Referring expression grounding data:
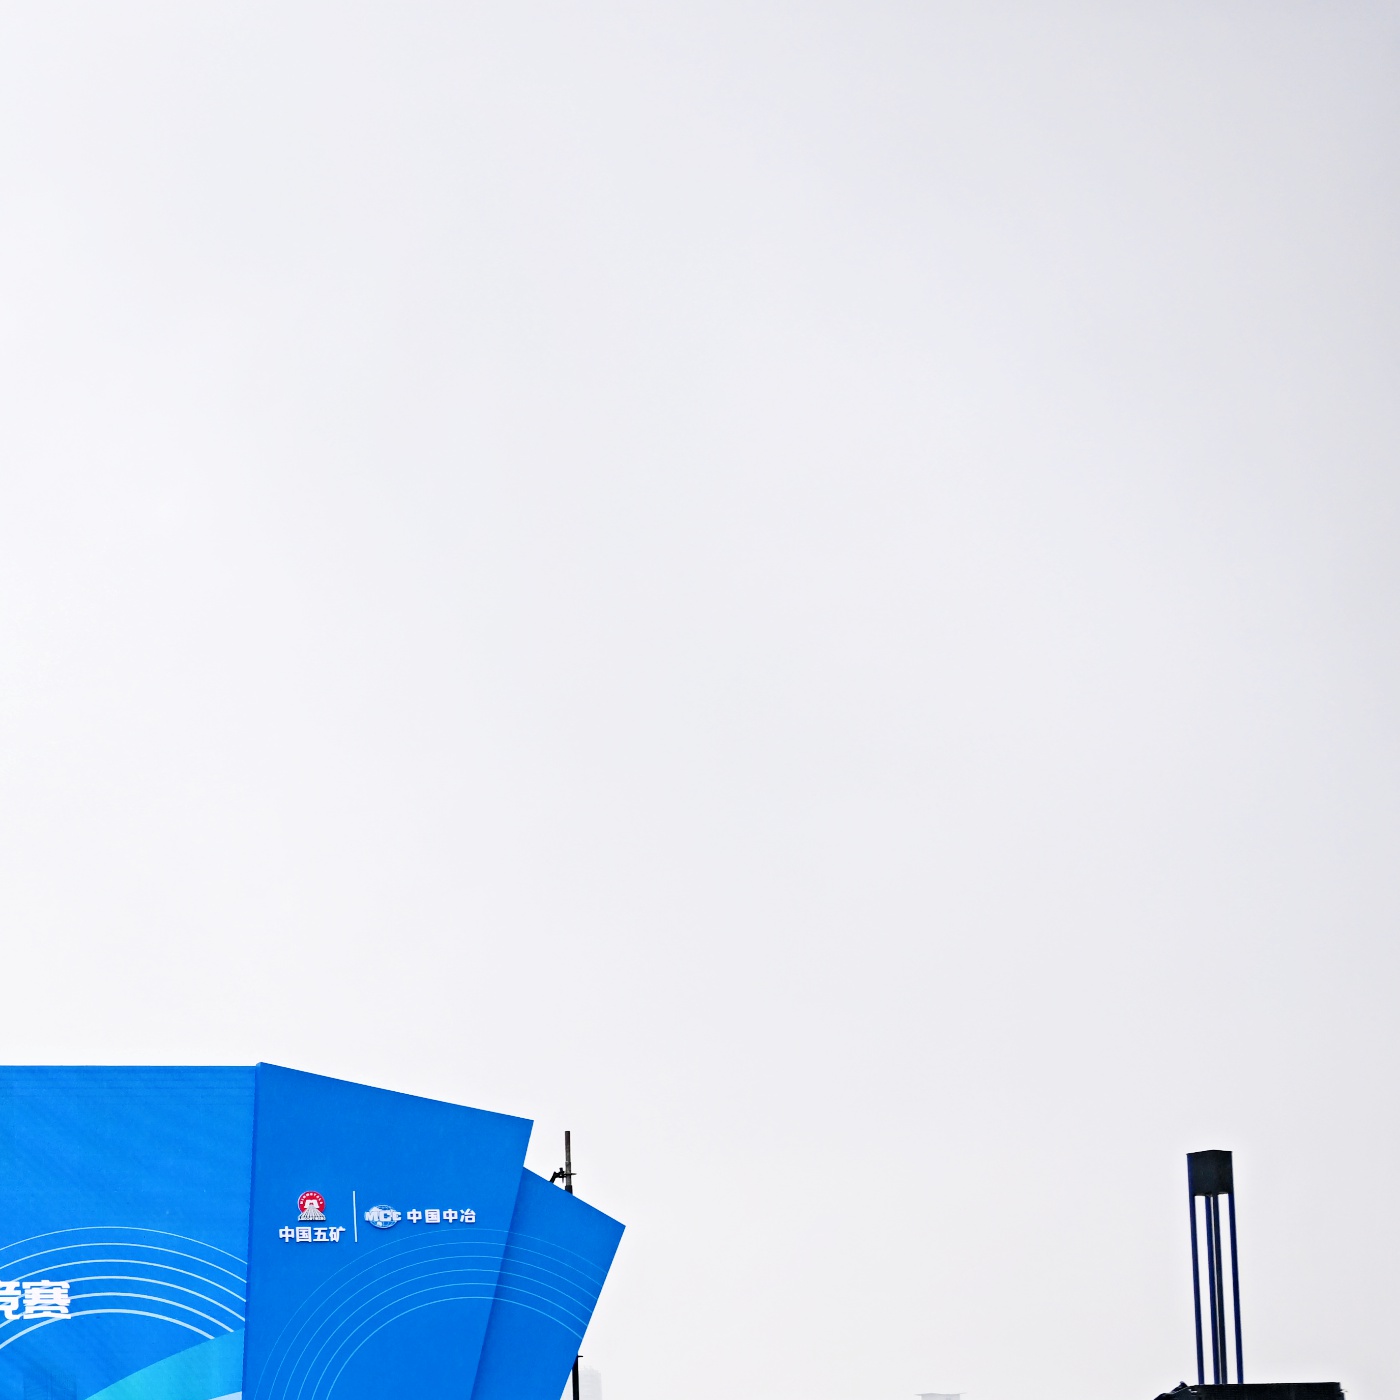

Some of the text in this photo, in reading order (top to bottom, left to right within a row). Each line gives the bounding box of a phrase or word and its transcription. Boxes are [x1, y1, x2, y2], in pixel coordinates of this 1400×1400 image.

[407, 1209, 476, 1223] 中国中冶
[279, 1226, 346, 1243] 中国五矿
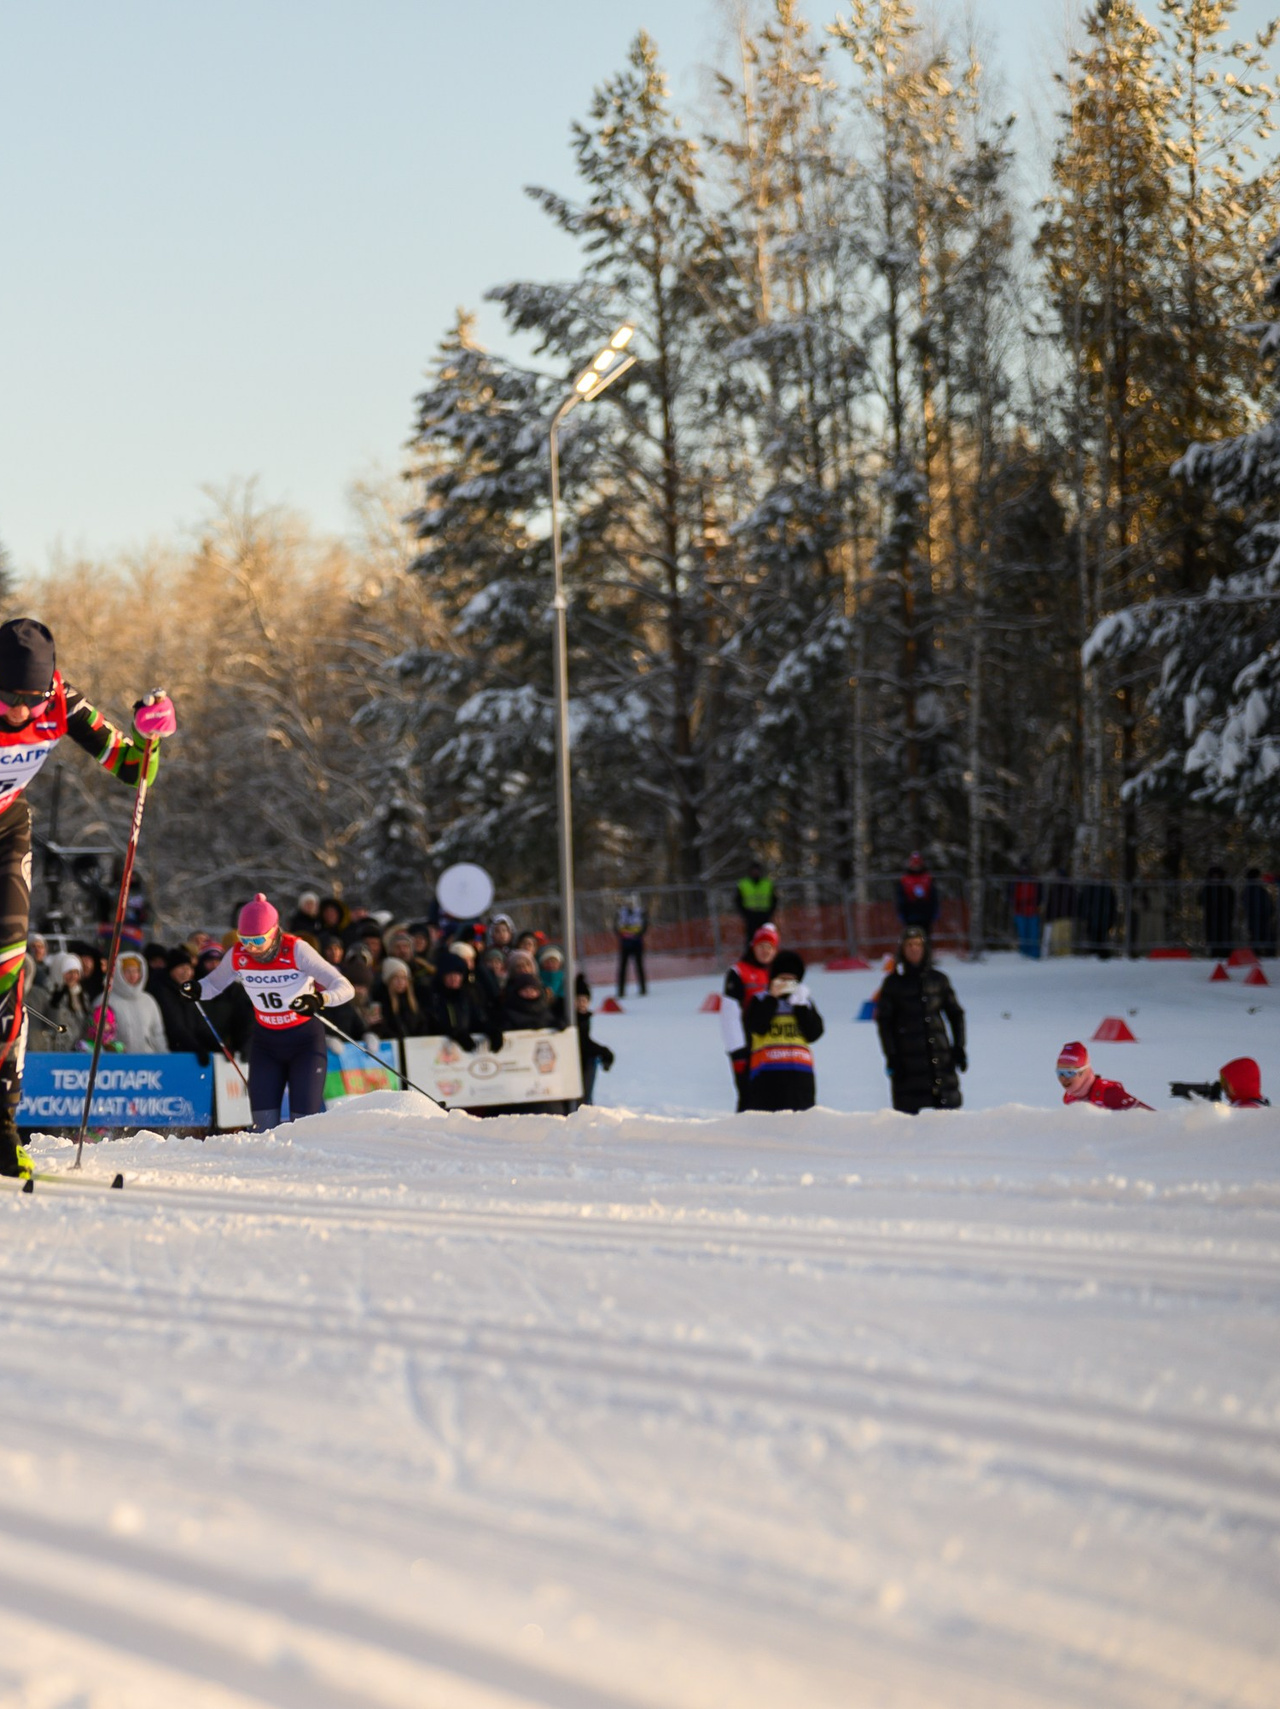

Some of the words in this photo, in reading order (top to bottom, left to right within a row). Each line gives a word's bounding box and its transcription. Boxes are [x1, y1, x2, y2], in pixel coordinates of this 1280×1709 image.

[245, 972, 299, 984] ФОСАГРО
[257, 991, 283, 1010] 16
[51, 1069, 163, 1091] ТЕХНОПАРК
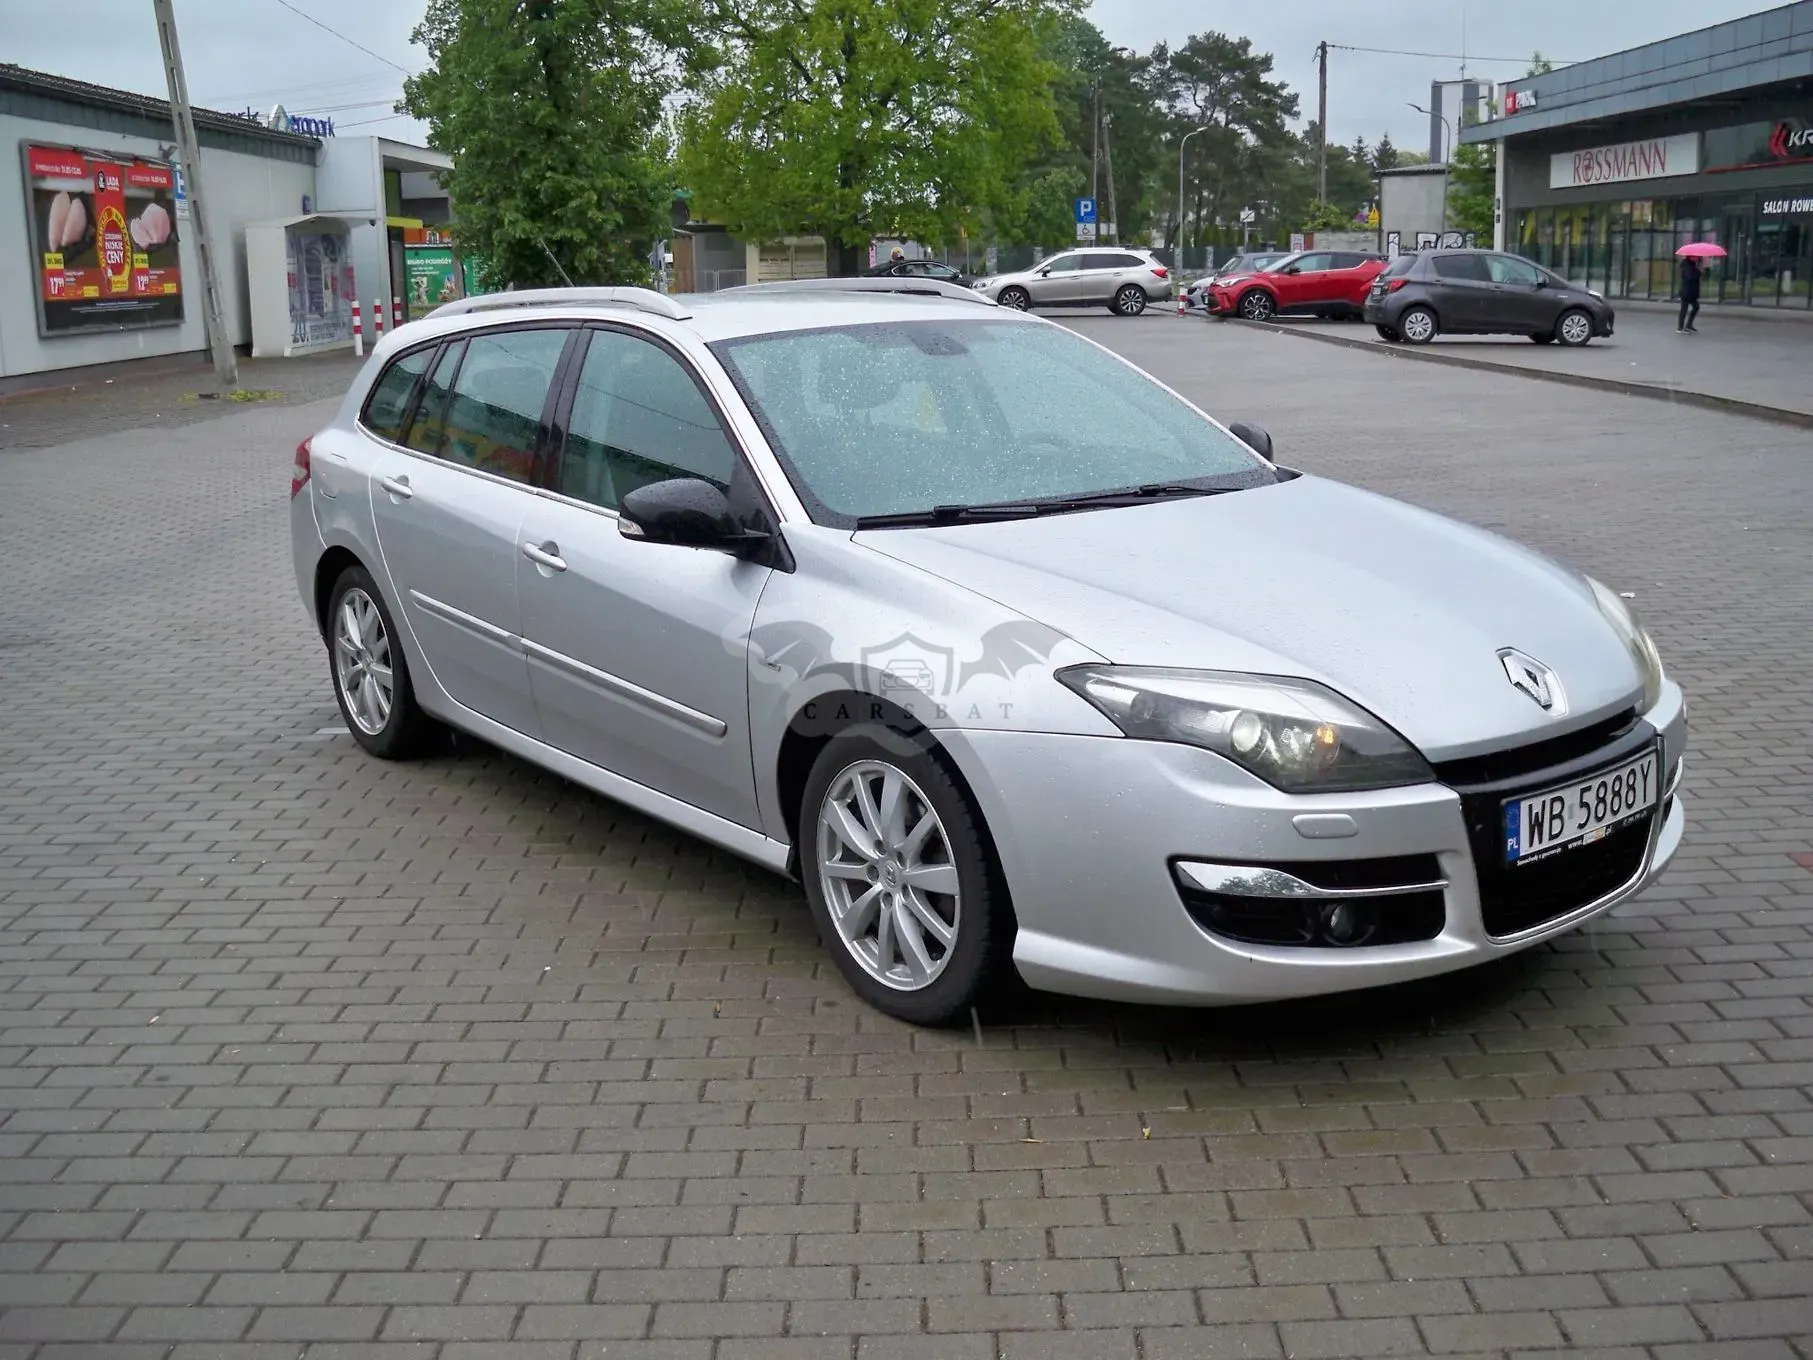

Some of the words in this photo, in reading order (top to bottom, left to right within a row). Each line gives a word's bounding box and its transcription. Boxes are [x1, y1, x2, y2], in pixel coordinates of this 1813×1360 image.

TASK DESCRIPTION:
Could you return each entry word for word, with the images omitted?

TASK ANSWER:
Some of the text in this photo, in reading order (top to bottom, left to right within a row). Each line gives the bounding box of a phrase or word and its transcription. Boxes are [x1, y1, x2, y2], in pixel coordinates of this 1400×1400 image.

[407, 1209, 476, 1223] 中国中冶
[279, 1226, 346, 1243] 中国五矿

Some of the words in this photo, in reading order (top to bottom, left to right within a row). Each line gives a word's bounding box and its transcription. Boxes are [x1, y1, x2, y2], in pixel coordinates of this 1280×1709 image.

[245, 972, 299, 984] ФОСАГРО
[257, 991, 283, 1010] 16
[51, 1069, 163, 1091] ТЕХНОПАРК

Some of the words in this photo, in reading order (top to bottom, left to right within a row). Each line gives a word's bounding box and its transcription. Boxes are [x1, y1, x2, y2], in pixel coordinates of this 1813×1360 image.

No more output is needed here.